Overexpression of Crocus carotenoid cleavage dioxygenase, CsCCD4b, in Arabidopsis imparts tolerance to dehydration, salt and oxidative stresses by modulating ROS machinery.

Apocarotenoids modulate vital physiological and developmental processes in plants. These molecules are formed by the cleavage of carotenoids, a reaction catalyzed by a family of enzymes called carotenoid cleavage dioxygenases (CCDs). Apocarotenoids like β-ionone and β-cyclocitral have been reported to act as stress signal molecules during high light stress in many plant species. In Crocus sativus, these two apocarotenoids are formed by enzymatic cleavage of β-carotene at 9, 10 and 7, 8 bonds by CsCCD4 enzymes. In the present study three isoforms of CsCCD4 were subjected to molecular modeling and docking analysis to determine their substrate specificity and all the three isoforms displayed high substrate specificity for β-carotene. Further, expression of these three CsCCD4 isoforms investigated in response to various stresses revealed that CsCCD4a and CsCCD4b exhibit enhanced expression in response to dehydration, salt and methylviologen, providing a clue towards their role in mediating plant defense response. This was confirmed by overexpressing CsCCD4b in Arabidopsis.

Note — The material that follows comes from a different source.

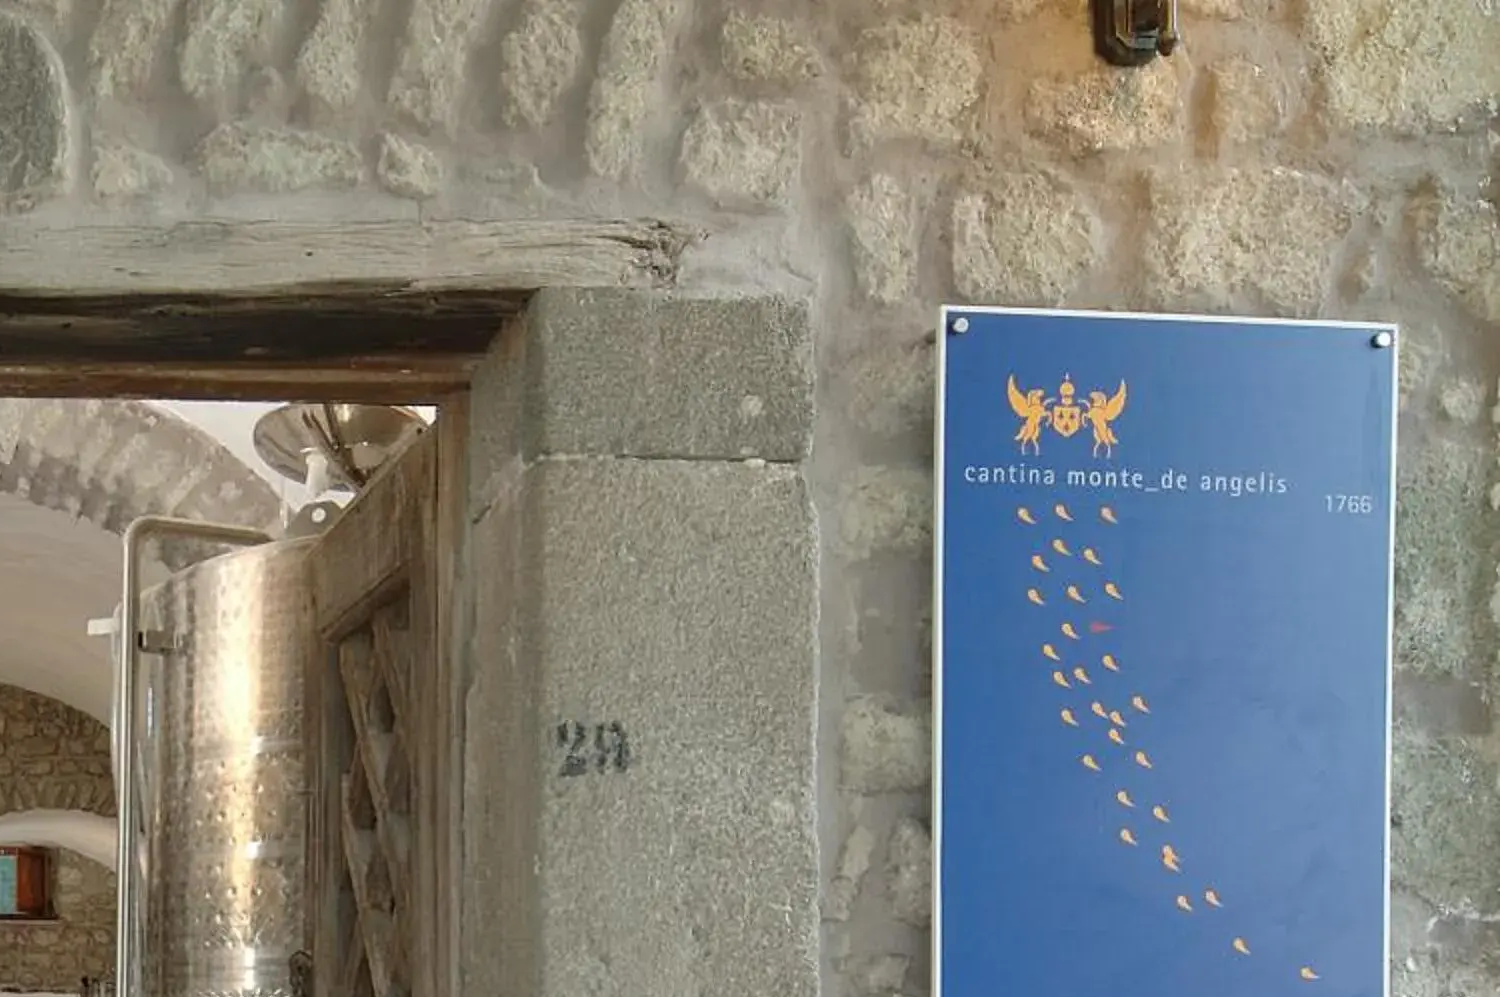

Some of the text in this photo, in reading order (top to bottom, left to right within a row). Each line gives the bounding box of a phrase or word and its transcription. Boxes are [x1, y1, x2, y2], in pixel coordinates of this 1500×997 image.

[963, 463, 1056, 485] cantina
[1200, 471, 1288, 497] angelis
[1324, 494, 1373, 514] 1766

The transgenic plants developed longer roots and possessed higher number of lateral roots. Further, overexpression of CsCCD4b imparted enhanced tolerance to salt, dehydration and oxidative stresses as was evidenced by higher survival rate, increased relative root length and biomass in transgenic plants as compared to wild type. Transgenic plants also displayed higher activity and expression of reactive oxygen species (ROS) metabolizing enzymes. This indicates that β-ionone and β-cyclocitral which are enzymatic products of CsCCD4b may act as stress signals and mediate reprogramming of stress responsive genes which ultimately leads to plant defense.